Stored items from a collection:
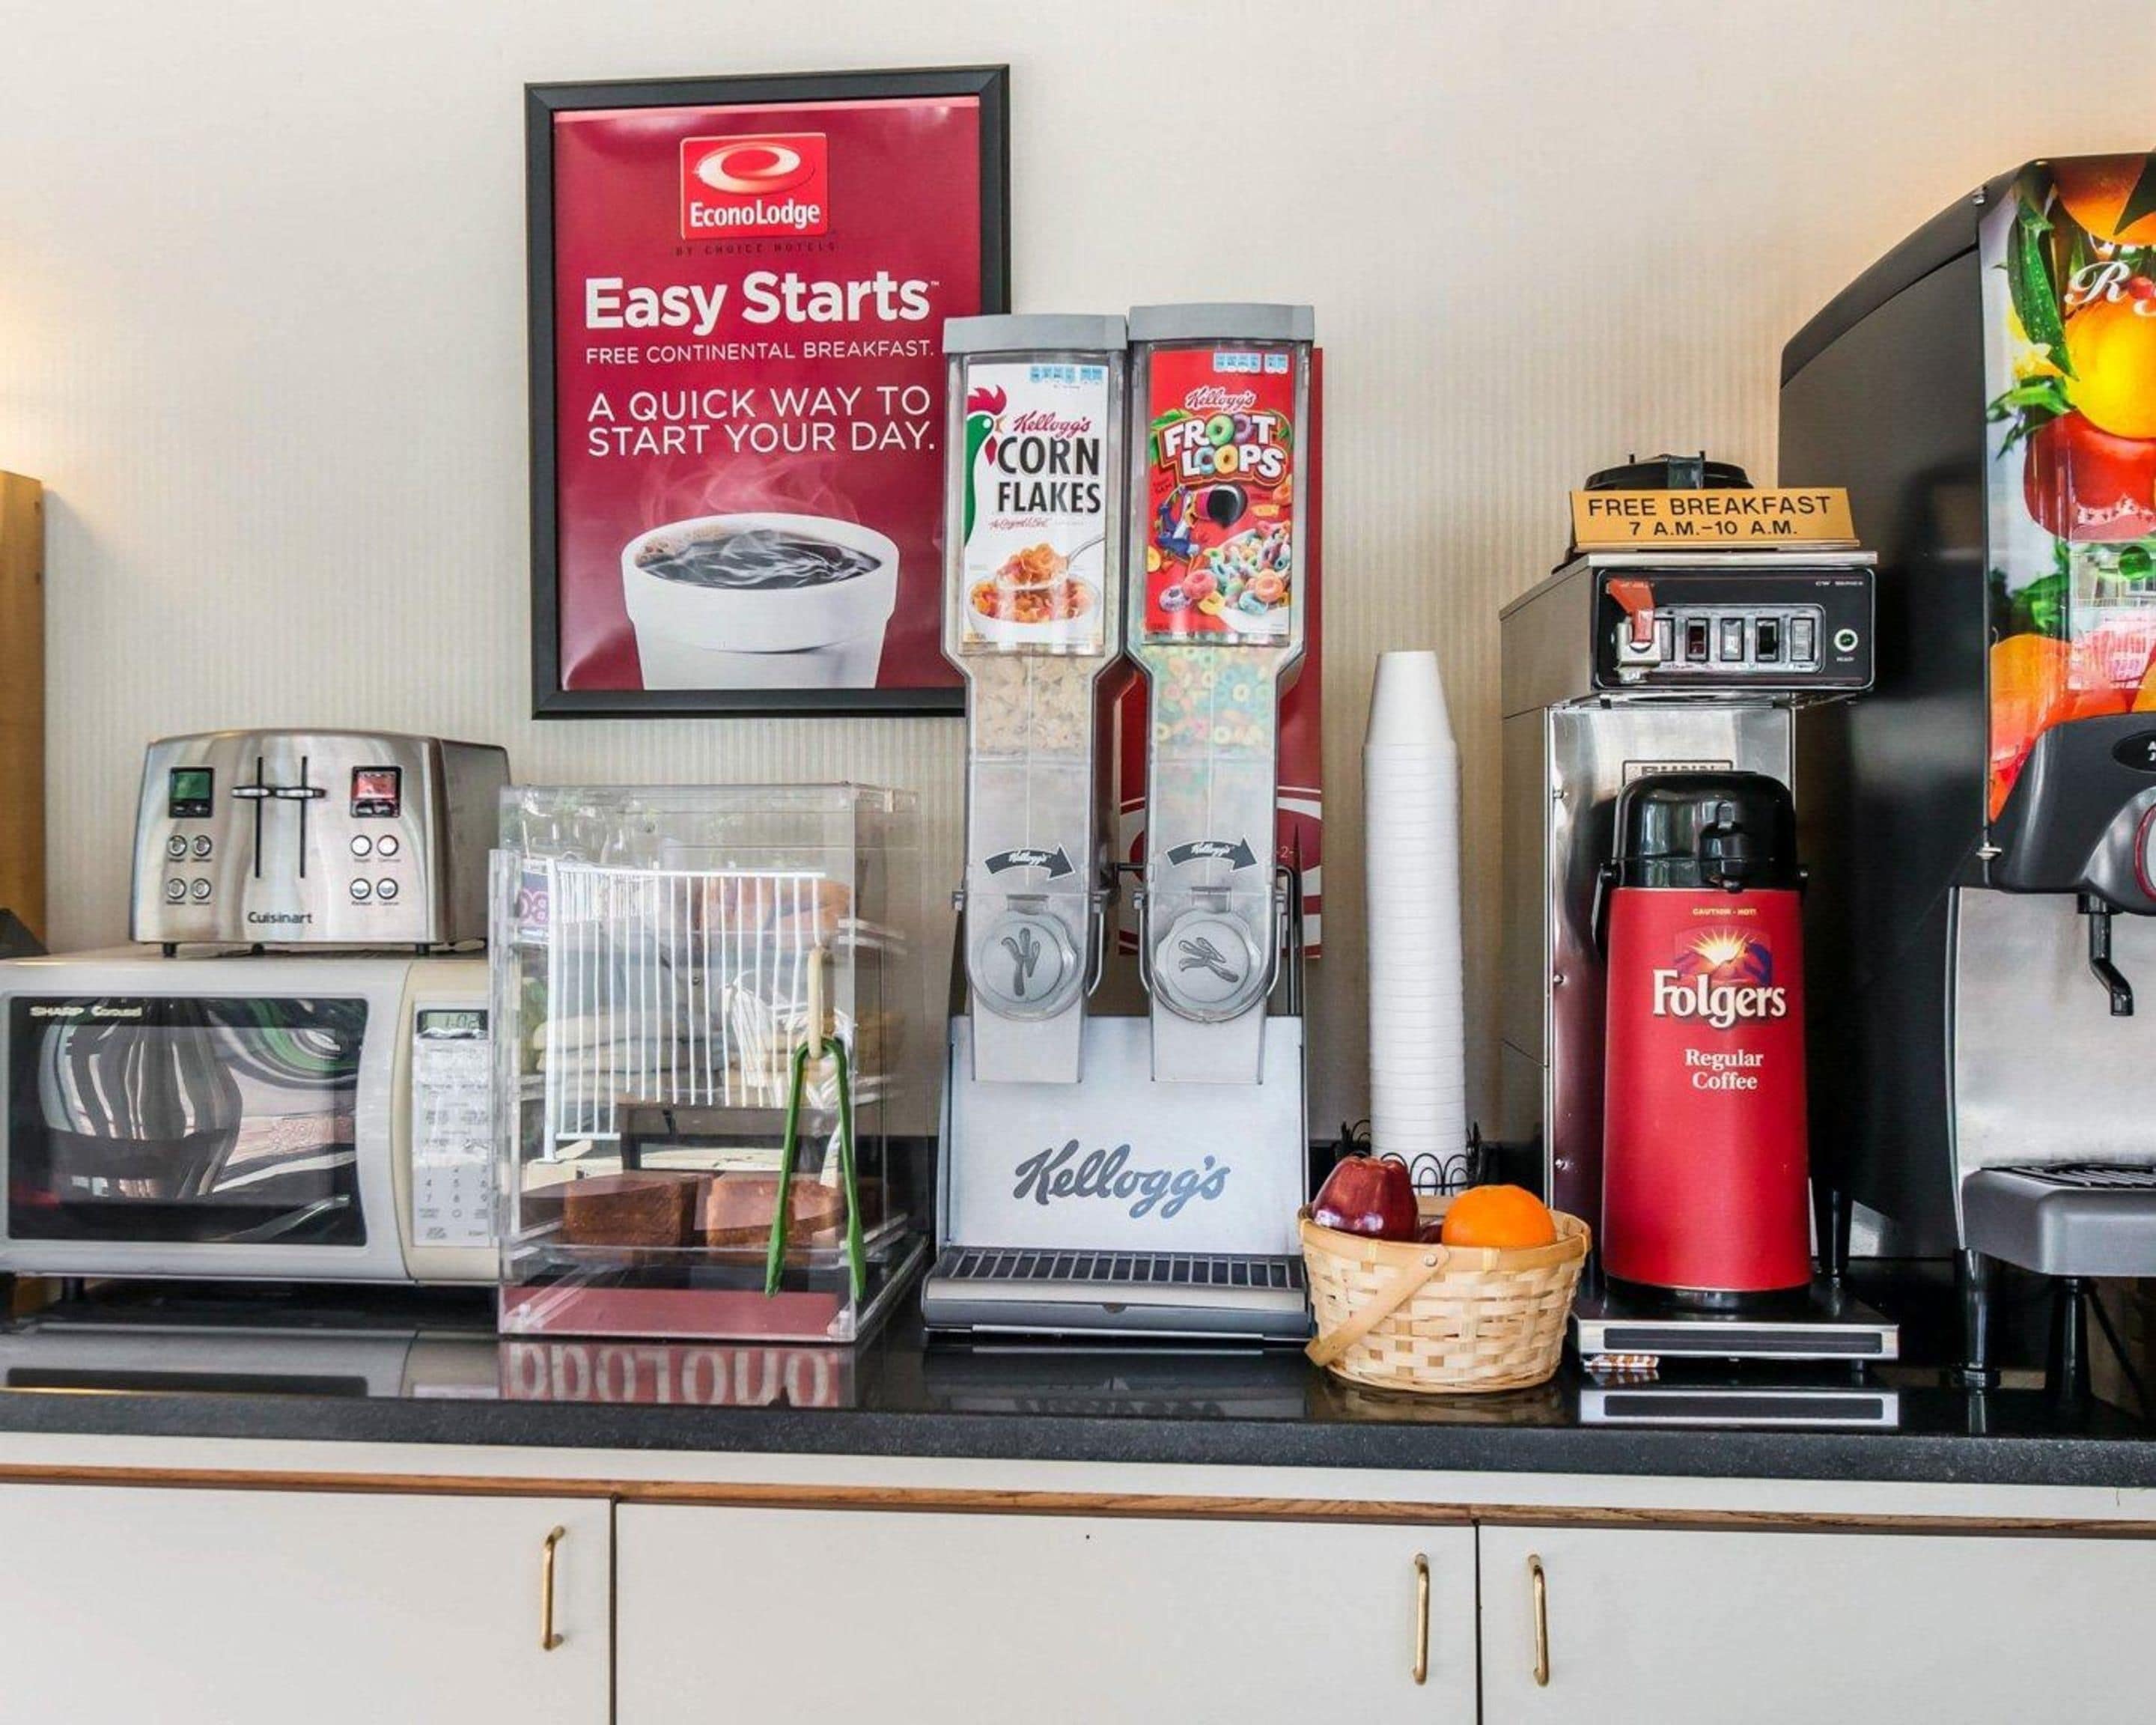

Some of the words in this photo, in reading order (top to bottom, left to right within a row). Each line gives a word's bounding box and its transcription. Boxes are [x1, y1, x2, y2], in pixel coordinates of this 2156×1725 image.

[689, 198, 820, 230] EconoLodge
[704, 243, 763, 255] CHOICE
[773, 242, 835, 253] HOTELS
[585, 276, 728, 336] Easy
[586, 347, 639, 365] FREE
[646, 343, 796, 364] CONTINENTAL
[803, 339, 934, 359] BREAKFAST.
[587, 392, 615, 422] A
[629, 389, 756, 422] QUICK
[769, 386, 862, 417] WAY
[876, 385, 931, 416] TO
[1186, 385, 1255, 411] Kellogg's
[588, 425, 710, 457] START
[724, 422, 836, 453] YOUR
[851, 421, 935, 451] DAY.
[1013, 410, 1092, 438] Kellogg's
[1163, 412, 1277, 458] FROOT
[997, 436, 1100, 475] CORN
[1181, 444, 1285, 478] LOOPS
[998, 481, 1101, 514] FLAKES
[1589, 498, 1657, 517] FREE
[1669, 496, 1831, 516] BREAKFAST
[1629, 521, 1641, 536] 7
[1750, 520, 1797, 535] A.M.
[246, 910, 312, 924] Cuisinart
[30, 1006, 85, 1017] SHARP
[1651, 968, 1787, 1029] Folgers
[1684, 1048, 1764, 1071] Regular
[1692, 1071, 1758, 1090] Coffee
[1012, 1138, 1231, 1220] Kellogg's

**Aim of the exercise**.
Every line above is to be duplicated exactly; no picture should be carried over.

**Task output**.
Some of the words in this photo, in reading order (top to bottom, left to right within a row). Each line gives a word's bounding box and its transcription. Boxes are [x1, y1, x2, y2], in pixel coordinates of this 2156×1725 image.

[689, 198, 820, 230] EconoLodge
[704, 243, 763, 255] CHOICE
[773, 242, 835, 253] HOTELS
[585, 276, 728, 336] Easy
[586, 347, 639, 365] FREE
[646, 343, 796, 364] CONTINENTAL
[803, 339, 934, 359] BREAKFAST.
[587, 392, 615, 422] A
[629, 389, 756, 422] QUICK
[769, 386, 862, 417] WAY
[876, 385, 931, 416] TO
[1186, 385, 1255, 411] Kellogg's
[588, 425, 710, 457] START
[724, 422, 836, 453] YOUR
[851, 421, 935, 451] DAY.
[1013, 410, 1092, 438] Kellogg's
[1163, 412, 1277, 458] FROOT
[997, 436, 1100, 475] CORN
[1181, 444, 1285, 478] LOOPS
[998, 481, 1101, 514] FLAKES
[1589, 498, 1657, 517] FREE
[1669, 496, 1831, 516] BREAKFAST
[1629, 521, 1641, 536] 7
[1750, 520, 1797, 535] A.M.
[246, 910, 312, 924] Cuisinart
[30, 1006, 85, 1017] SHARP
[1651, 968, 1787, 1029] Folgers
[1684, 1048, 1764, 1071] Regular
[1692, 1071, 1758, 1090] Coffee
[1012, 1138, 1231, 1220] Kellogg's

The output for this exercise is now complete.